> AIM OF THE EXERCISE: An exact transcription of every record is needed.
╭──
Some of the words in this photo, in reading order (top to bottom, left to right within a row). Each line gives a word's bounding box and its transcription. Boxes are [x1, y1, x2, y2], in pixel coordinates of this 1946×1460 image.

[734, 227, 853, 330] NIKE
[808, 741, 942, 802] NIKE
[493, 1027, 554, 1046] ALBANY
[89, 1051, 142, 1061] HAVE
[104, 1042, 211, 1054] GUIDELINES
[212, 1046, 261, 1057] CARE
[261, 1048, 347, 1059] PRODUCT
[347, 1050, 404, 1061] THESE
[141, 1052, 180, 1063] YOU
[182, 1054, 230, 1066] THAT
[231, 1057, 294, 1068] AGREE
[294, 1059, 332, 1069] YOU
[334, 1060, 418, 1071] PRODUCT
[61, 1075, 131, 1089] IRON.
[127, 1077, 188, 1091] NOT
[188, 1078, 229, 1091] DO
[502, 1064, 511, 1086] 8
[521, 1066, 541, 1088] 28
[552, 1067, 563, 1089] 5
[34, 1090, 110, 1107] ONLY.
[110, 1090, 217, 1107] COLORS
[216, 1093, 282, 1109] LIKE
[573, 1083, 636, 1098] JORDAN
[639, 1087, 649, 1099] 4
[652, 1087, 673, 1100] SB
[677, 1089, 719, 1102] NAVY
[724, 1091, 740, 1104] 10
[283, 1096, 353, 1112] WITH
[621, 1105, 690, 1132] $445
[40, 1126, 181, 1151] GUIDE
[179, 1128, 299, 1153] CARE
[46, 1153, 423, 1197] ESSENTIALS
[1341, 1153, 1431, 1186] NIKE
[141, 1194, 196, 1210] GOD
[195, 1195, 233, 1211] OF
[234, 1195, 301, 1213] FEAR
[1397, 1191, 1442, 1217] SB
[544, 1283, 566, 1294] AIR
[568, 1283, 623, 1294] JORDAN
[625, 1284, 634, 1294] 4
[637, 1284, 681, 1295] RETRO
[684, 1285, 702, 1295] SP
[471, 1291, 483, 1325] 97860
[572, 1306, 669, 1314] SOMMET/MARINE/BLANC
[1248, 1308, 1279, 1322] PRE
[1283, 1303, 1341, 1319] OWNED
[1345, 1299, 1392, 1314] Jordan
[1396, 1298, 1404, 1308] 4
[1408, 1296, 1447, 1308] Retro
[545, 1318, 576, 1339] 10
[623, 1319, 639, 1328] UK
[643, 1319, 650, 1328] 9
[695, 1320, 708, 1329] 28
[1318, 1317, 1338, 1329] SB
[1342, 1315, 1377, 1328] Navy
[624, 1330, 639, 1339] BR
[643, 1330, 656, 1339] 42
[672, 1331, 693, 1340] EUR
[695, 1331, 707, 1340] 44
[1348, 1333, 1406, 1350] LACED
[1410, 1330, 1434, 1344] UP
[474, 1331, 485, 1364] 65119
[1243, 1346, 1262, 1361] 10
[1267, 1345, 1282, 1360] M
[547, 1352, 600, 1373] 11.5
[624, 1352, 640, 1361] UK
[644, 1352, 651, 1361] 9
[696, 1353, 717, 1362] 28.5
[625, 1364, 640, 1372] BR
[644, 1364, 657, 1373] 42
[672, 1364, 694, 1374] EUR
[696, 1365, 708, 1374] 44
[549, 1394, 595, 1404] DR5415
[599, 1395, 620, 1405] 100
╰──
> OUTPUT:
Some of the words in this photo, in reading order (top to bottom, left to right within a row). Each line gives a word's bounding box and its transcription. Boxes are [x1, y1, x2, y2], in pixel coordinates of this 1946×1460 image.

[734, 227, 853, 330] NIKE
[808, 741, 942, 802] NIKE
[493, 1027, 554, 1046] ALBANY
[89, 1051, 142, 1061] HAVE
[104, 1042, 211, 1054] GUIDELINES
[212, 1046, 261, 1057] CARE
[261, 1048, 347, 1059] PRODUCT
[347, 1050, 404, 1061] THESE
[141, 1052, 180, 1063] YOU
[182, 1054, 230, 1066] THAT
[231, 1057, 294, 1068] AGREE
[294, 1059, 332, 1069] YOU
[334, 1060, 418, 1071] PRODUCT
[61, 1075, 131, 1089] IRON.
[127, 1077, 188, 1091] NOT
[188, 1078, 229, 1091] DO
[502, 1064, 511, 1086] 8
[521, 1066, 541, 1088] 28
[552, 1067, 563, 1089] 5
[34, 1090, 110, 1107] ONLY.
[110, 1090, 217, 1107] COLORS
[216, 1093, 282, 1109] LIKE
[573, 1083, 636, 1098] JORDAN
[639, 1087, 649, 1099] 4
[652, 1087, 673, 1100] SB
[677, 1089, 719, 1102] NAVY
[724, 1091, 740, 1104] 10
[283, 1096, 353, 1112] WITH
[621, 1105, 690, 1132] $445
[40, 1126, 181, 1151] GUIDE
[179, 1128, 299, 1153] CARE
[46, 1153, 423, 1197] ESSENTIALS
[1341, 1153, 1431, 1186] NIKE
[141, 1194, 196, 1210] GOD
[195, 1195, 233, 1211] OF
[234, 1195, 301, 1213] FEAR
[1397, 1191, 1442, 1217] SB
[544, 1283, 566, 1294] AIR
[568, 1283, 623, 1294] JORDAN
[625, 1284, 634, 1294] 4
[637, 1284, 681, 1295] RETRO
[684, 1285, 702, 1295] SP
[471, 1291, 483, 1325] 97860
[572, 1306, 669, 1314] SOMMET/MARINE/BLANC
[1248, 1308, 1279, 1322] PRE
[1283, 1303, 1341, 1319] OWNED
[1345, 1299, 1392, 1314] Jordan
[1396, 1298, 1404, 1308] 4
[1408, 1296, 1447, 1308] Retro
[545, 1318, 576, 1339] 10
[623, 1319, 639, 1328] UK
[643, 1319, 650, 1328] 9
[695, 1320, 708, 1329] 28
[1318, 1317, 1338, 1329] SB
[1342, 1315, 1377, 1328] Navy
[624, 1330, 639, 1339] BR
[643, 1330, 656, 1339] 42
[672, 1331, 693, 1340] EUR
[695, 1331, 707, 1340] 44
[1348, 1333, 1406, 1350] LACED
[1410, 1330, 1434, 1344] UP
[474, 1331, 485, 1364] 65119
[1243, 1346, 1262, 1361] 10
[1267, 1345, 1282, 1360] M
[547, 1352, 600, 1373] 11.5
[624, 1352, 640, 1361] UK
[644, 1352, 651, 1361] 9
[696, 1353, 717, 1362] 28.5
[625, 1364, 640, 1372] BR
[644, 1364, 657, 1373] 42
[672, 1364, 694, 1374] EUR
[696, 1365, 708, 1374] 44
[549, 1394, 595, 1404] DR5415
[599, 1395, 620, 1405] 100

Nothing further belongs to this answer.